За белой лощиной дорога вывела к шляху. По сторонам в сухом шероховатом шуме одна за другой пошли старые березы. Уши снова остро ловили звуки, среди которых успокаивали только топот и фырканье Апейкиных коней позади. Глаза подстерегающе следили за тенями, за малейшим движением. Березы за березами, с одной стороны и с другой, и за каждой может подстерегать опасность. А тут с левой стороны надвинулся черной стеной впритык лес. Лес до бесконечности и дальше, до Припяти. На многие километры болото и лес. Райское убежище для бандитов.
Пока тянулся лес, Башлыков продолжал зорко всматриваться в его темноту. За равниной шлях начал сходить вниз, втиснулся в крутые берега. С одной стороны берег и с другой — все закрыли. Снизу не увидишь, что за гребнем. А оттуда все как на ладони. Берега близко — каких-то три шага по сторонам. Сжали так, что и развернуться с возком непросто. Вот где пальнуть удобно!.. Хорошо одно, что кони, как бы понимая опасность, с горки прибавили бегу. Неприятное, тянущееся ожидание. Внимание одновременно в ту и в другую сторону. Рука даже немеет, сжимая наган.
Наконец берега стали раздвигаться и раздвинулись совсем. Ни леса, ни берез по сторонам, серая мутная ширь. Ширь болота. Шлях побежал по гати, что приподнялась над заснеженной низиной. Башлыков впивался глазами во мглу впереди, силился разглядеть темный широкий берег. Коммунарский берег. Вот уже мосток над Турьей, копыта коней, как в бубен, гулко застучали по доскам. За мостком — совсем рядом — горка, на ней темные коммунарские постройки.

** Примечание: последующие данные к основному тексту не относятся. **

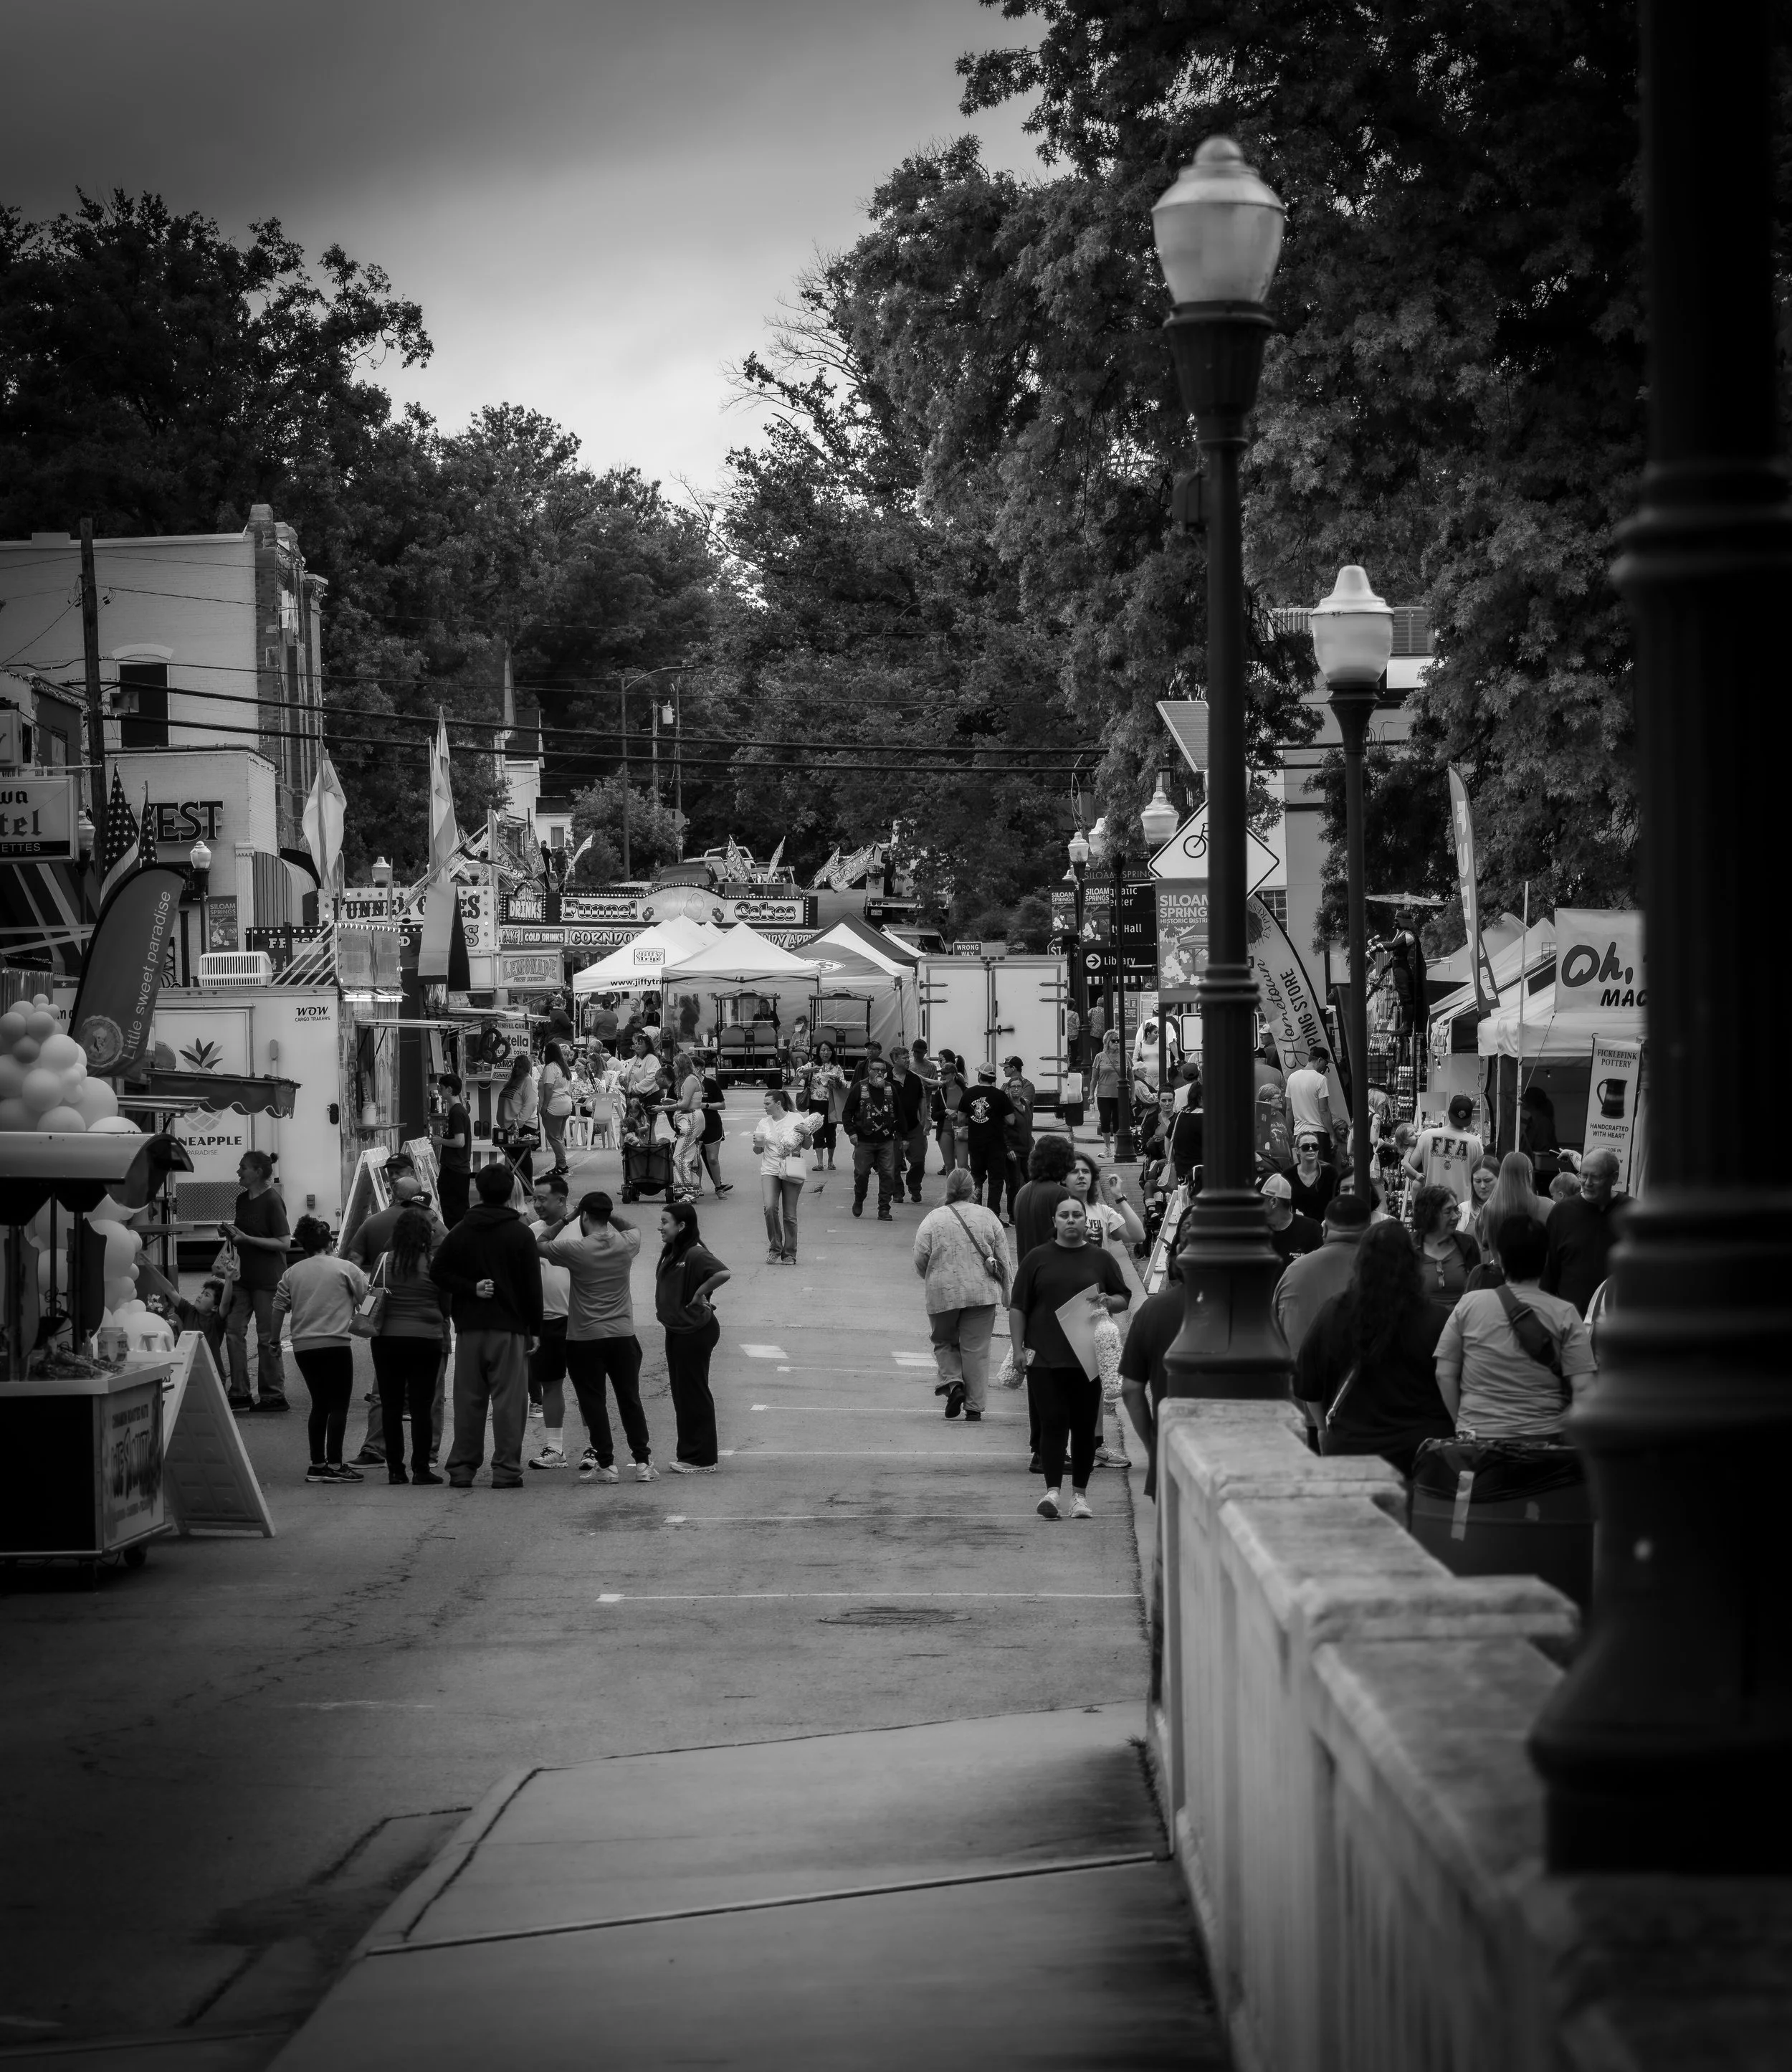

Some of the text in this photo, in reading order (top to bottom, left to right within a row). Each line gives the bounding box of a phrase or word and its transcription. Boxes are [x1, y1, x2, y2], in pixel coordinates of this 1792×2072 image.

[1, 843, 41, 852] ETTES
[1110, 887, 1138, 897] qatic
[417, 895, 482, 921] CES
[509, 900, 543, 919] DRINKS
[563, 898, 638, 920] Funnel
[734, 901, 796, 921] Cakes
[1249, 902, 1272, 939] EXPRESS
[1125, 924, 1142, 933] Hall
[502, 930, 519, 945] CAKE
[524, 932, 564, 944] COLD DRINKS
[788, 934, 813, 948] APP
[1104, 956, 1136, 966] Libary
[1561, 941, 1634, 988] Oh,
[123, 891, 171, 1060] Little sweet paradise
[503, 958, 557, 981] LEMONADE
[1280, 969, 1308, 1012] STORE
[296, 1007, 329, 1016] WOW
[1257, 959, 1311, 1070] Hometown
[1597, 1050, 1637, 1060] FICKLEFINK
[1601, 1058, 1632, 1068] POTTERY
[1590, 1123, 1629, 1132] HANDCRAFTED
[178, 1136, 242, 1146] NEAPPLE
[1431, 1136, 1468, 1157] FFA

Кони в гору чуть замедлили бег, пошли спокойнее. Будто чувствовали, что опасность позади. Слева плыл плетень, плыли яблони за плетнем. Справа — несколько хат без единого огонька. Уткнулись в небо, растаяли во мраке тополя, и снова разлеглось, поползло по сторонам мутное поле. Башлыков больше не сжимал наган. Втянул шею, уткнул подбородок в воротник, прикрыл глаза. Сидел расслабленно, слушал вольный шум ветра, ощущал холодный запах снега. Откуда-то издали доносилось поскрипывание полозьев, которые время от времени цепляли за голую землю. Горячо посапывали сзади Апейкины кони. Все это успокаивало.

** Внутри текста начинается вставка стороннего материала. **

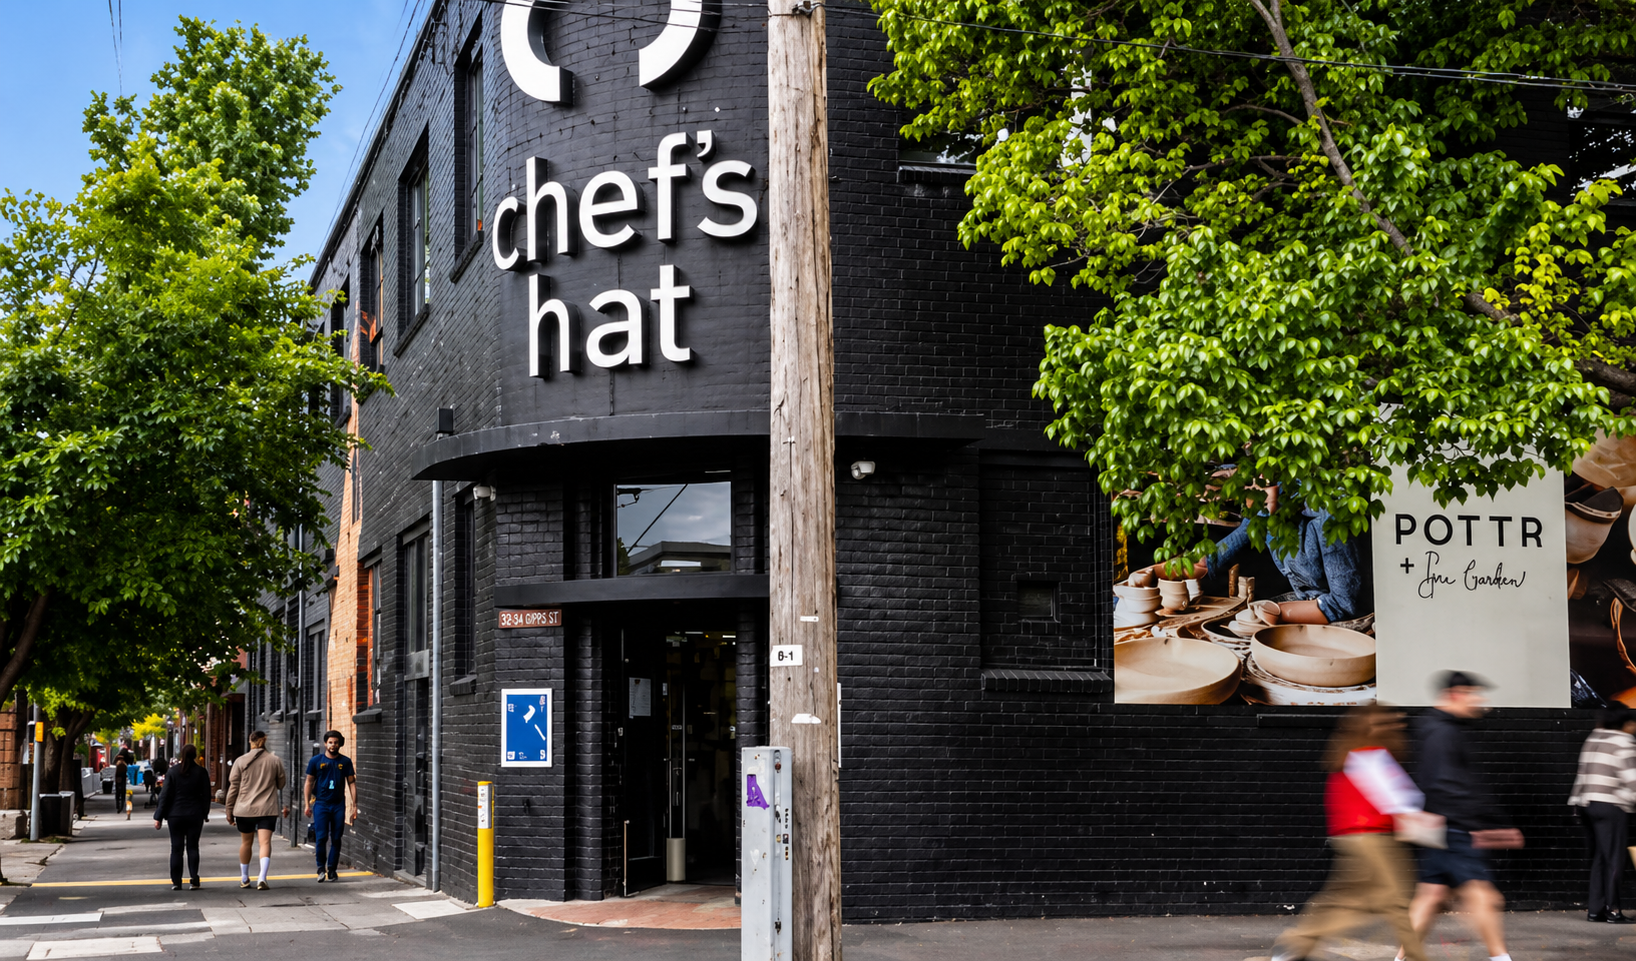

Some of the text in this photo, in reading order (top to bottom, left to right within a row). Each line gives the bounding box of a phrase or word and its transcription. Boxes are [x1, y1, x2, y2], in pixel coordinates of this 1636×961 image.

[529, 264, 692, 378] hat
[1395, 513, 1543, 548] POTTR
[525, 612, 547, 625] GIPPS
[548, 611, 559, 624] ST

Недавнее возбуждение постепенно унималось. Тревога жила внутри уже не только как реальность, но и как воспоминание о пережитом. Воспоминание это бередило: теперь, когда приходил в себя, неприятно стало, что так горячился, нервничал. Даже будто испугался. Нет, не испугался, нечего клепать на себя. Просто был наготове, как надо. Смотрел открыто в глаза правде. Готов был ответить в любой момент. И ответил бы как надлежит!.. Все же скверно было на душе, как ни финти, спокойствия, выдержки настоящей не хватило. Не так держался, сердце билось, как у новобранца. Мальчишка! Едва не призвал на помощь Апейку!..
Снова охватило сомнение: было там, в кустах, что или не было? Не желая обманывать себя, он чувствовал теперь, что, вполне могло статься, и не было ничего. Показалось. Привиделось. От волнения. От разыгравшейся фантазии… Он выругался вслух:
— Ч-черт!.. Дошел! — Упрекнул себя: — Проклятые нервы!..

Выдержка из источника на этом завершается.